Trata-se de apurar a dialéctica entre teoria e prática, na perspectiva de que se não existe nada mais prático do que uma boa teoria, também não existe nada mais teórico do que o apuramento do sentido epistemológico de uma boa prática. Esta dinâmica entre teoria e prática ganha tanta mais importância quanto se sabe que o ambiente em que o desporto acontece é caracterizado pela volatilidade, incerteza, complexidade, ambiguidade e rapidez de mudança. Este tipo de ambiente obriga aos gestores a forte capacidade intuitiva, que na integração entre a razão e a emoção permita tomar decisões de qualidade, em tempo útil. Nestes termos, a gestão não é pura, na medida em que as suas funções e ferramentas só ganham verdadeiramente sentido e operacionalidade caso uma geometria variável estiver ajustada a um determinado contexto.
E, no actual contexto, a gestão desportiva em Angola enfrenta e vai ter de enfrentar cada vez mais desafios, nos próximos anos, o que exige da parte dos profissionais do desporto, ligados à administração e ao dirigismo, formação específica e experiência na área da intervenção.
O associativismo desportivo, modelo estabelecido para o desporto em Angola desde a sua independência, passa neste momento por graves problemas financeiros, muitos deles estão a pôr em causa a própria existência das Federações e Associações desportivas, mas principalmente dos clubes.
Estes problemas devem-se, em parte, a uma exagerada e “abusada” dependência dos apoios públicos, provenientes maioritariamente do Estado.
É que durante todo esse tempo em que associativismo prevaleceu no desporto nacional, os clubes e as Federações nunca sentiram a necessidade de procurar investimentos e apoios privados, uma vez que os apoios públicos colmatavam praticamente todas as necessidades. Esta situação resultou, em geral, da falta de um trabalho sério e fundamentado para tornar o desporto apetecível ao investimento privado.
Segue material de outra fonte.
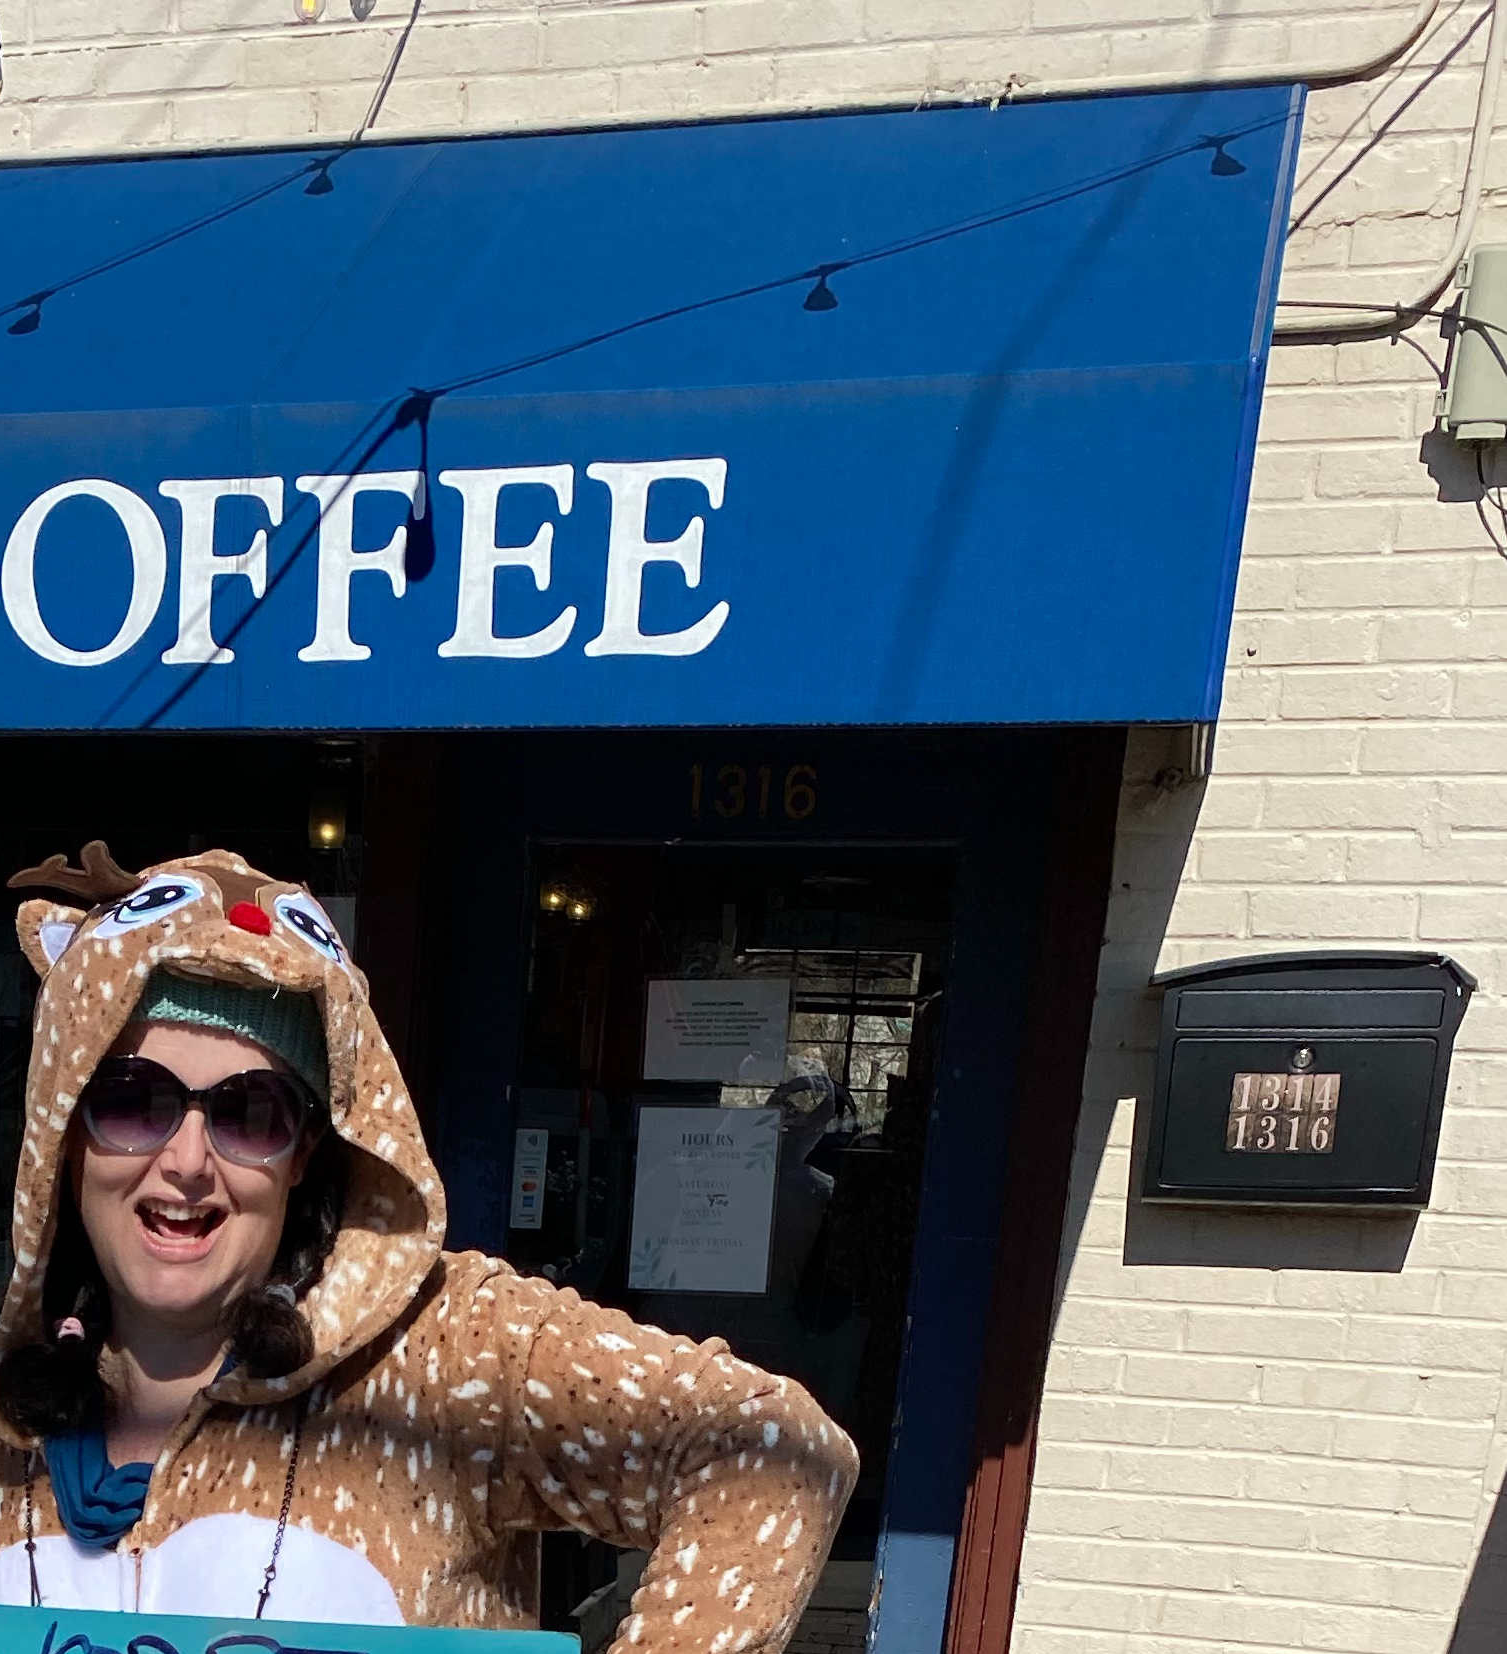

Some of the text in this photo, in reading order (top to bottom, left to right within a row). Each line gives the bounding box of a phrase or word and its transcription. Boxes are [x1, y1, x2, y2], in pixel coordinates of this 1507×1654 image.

[690, 763, 817, 819] 1316
[1237, 1075, 1334, 1111] 1314
[681, 1132, 734, 1146] HOURS
[1232, 1115, 1329, 1151] 1316
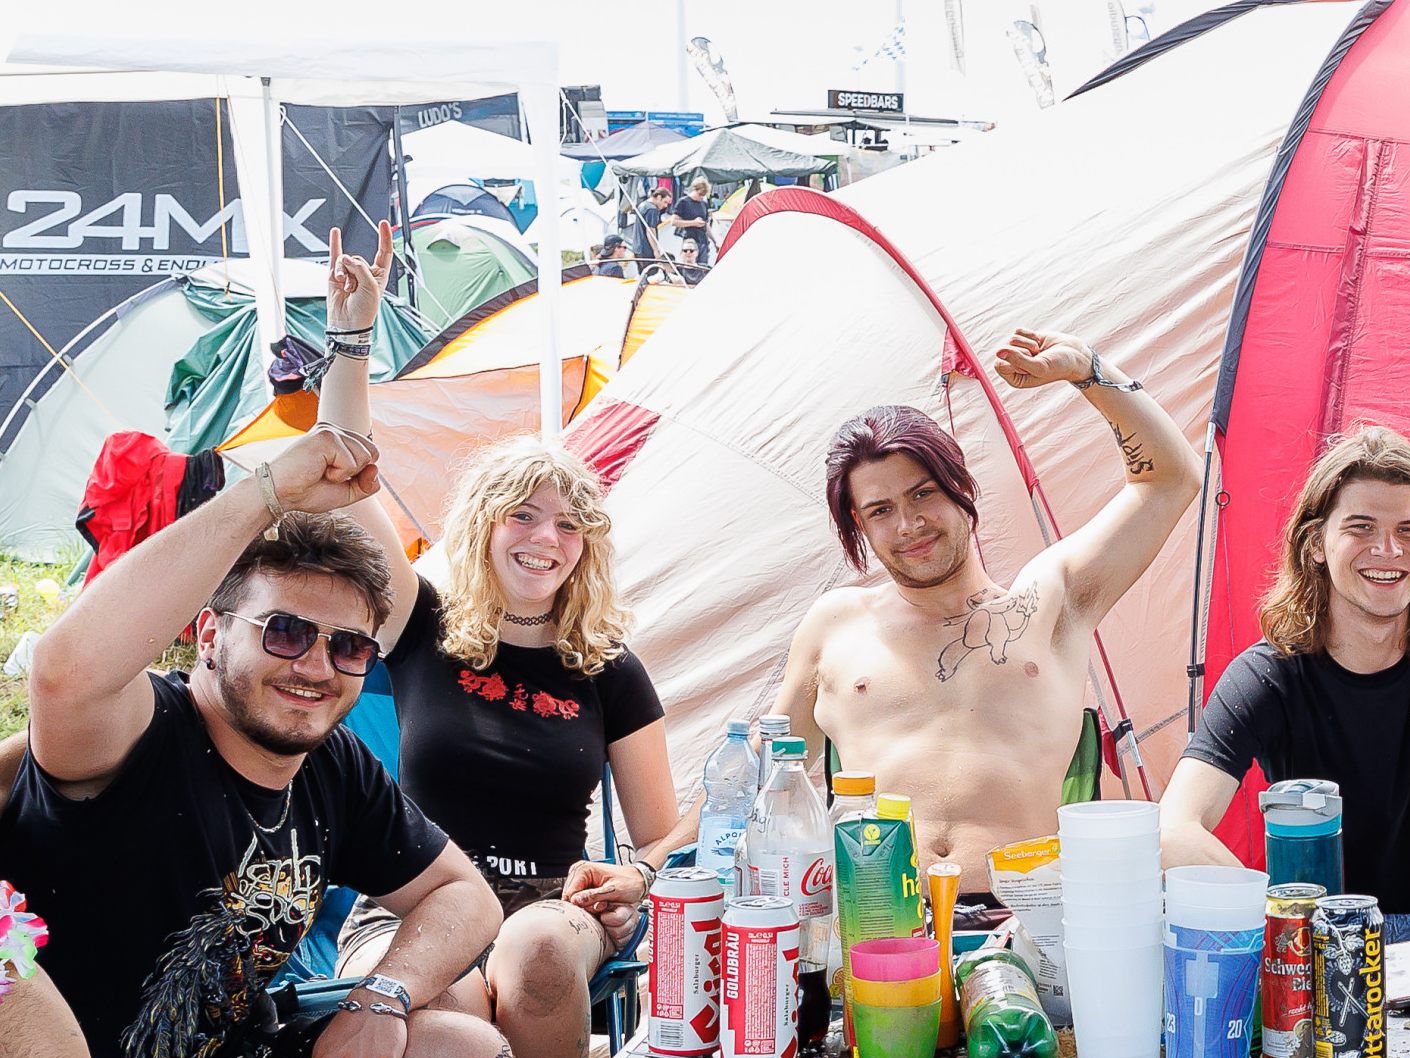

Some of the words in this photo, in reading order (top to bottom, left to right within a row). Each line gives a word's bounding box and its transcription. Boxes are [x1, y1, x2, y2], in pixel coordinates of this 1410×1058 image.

[837, 92, 898, 109] SPEEDBARS
[418, 101, 463, 128] LUDO'S
[0, 257, 135, 271] MOTOCROSS
[141, 257, 153, 273] &
[1003, 847, 1051, 861] Seeberger
[726, 932, 740, 999] GOLDBRÄU
[1166, 1015, 1176, 1034] 23
[1227, 1019, 1243, 1039] 20
Nesta fase, em que a “micha acabou, o kumbú fugiu e tudo mudou”, o desporto nacional tem necessidade urgente de mudar o actual modelo de gestão baseado no associativismo, para um modelo mais profissional que permita estabelecer parcerias e encontrar apoios que não sejam o do Estado angolano.
Dado o padrão de especialização do trabalho do gestor, que deve ter a percepção da própria gestão em função da parte da organização onde se encontra a laborar. Assim, uma coisa é numa perspectiva micro (analítica e funcional) gerir a situação técnico -desportiva, outra completamente diferente, numa perspectiva macro (estratégica e global) gerir o nível desportivo. Nestes termos, entre o vértice estratégico e o centro operacional devem existir gestores intermédios, descodificadores de discursos e integradores de perspectivas e conhecimentos. Por isso, em função do posicionamento na organização, o gestor está confrontado com tarefas de concepção, de informação, de inter-relação e de decisão que pode processar o recurso a um conjunto diversificado de ferramentas, constantemente a surgir no mercado de ideias.
Finalmente, tudo indica que no futuro, o gestor de desporto tem de estar preparado para gerir a actividade numa economia de escassez, que o obriga a ser capaz de envolver emocionalmente as pessoas nos projectos de que é responsável. Se assim não for, o gestor do desporto limita-se ao estilo do “magister dixit”, do quero, posso e mando, a conduzir olimpicamente a organização de que é responsável a caminho de lado nenhum.
A verdade que se defende de uma forma recorrente, abrangente e generalizada, que o único caminho para que a gestão desportiva dê os frutos do desporto nacional é que passe pela mudança de mentalidade não apenas dos gestores e dirigentes, mas também dos sócios dos clubes que deviam ser capazes de destituir os gestores e dirigentes que não apresentem resultados.
Assim, se não houver mudança de mentalidade dos gestores e dirigentes desportivos, penso que é melhor trocar e importar também os gestores e dirigentes desportivos, à semelhança do que se faz com os treinadores e jogadores! Mas isso, também pode ferir o meu patriotismo, infelizmente!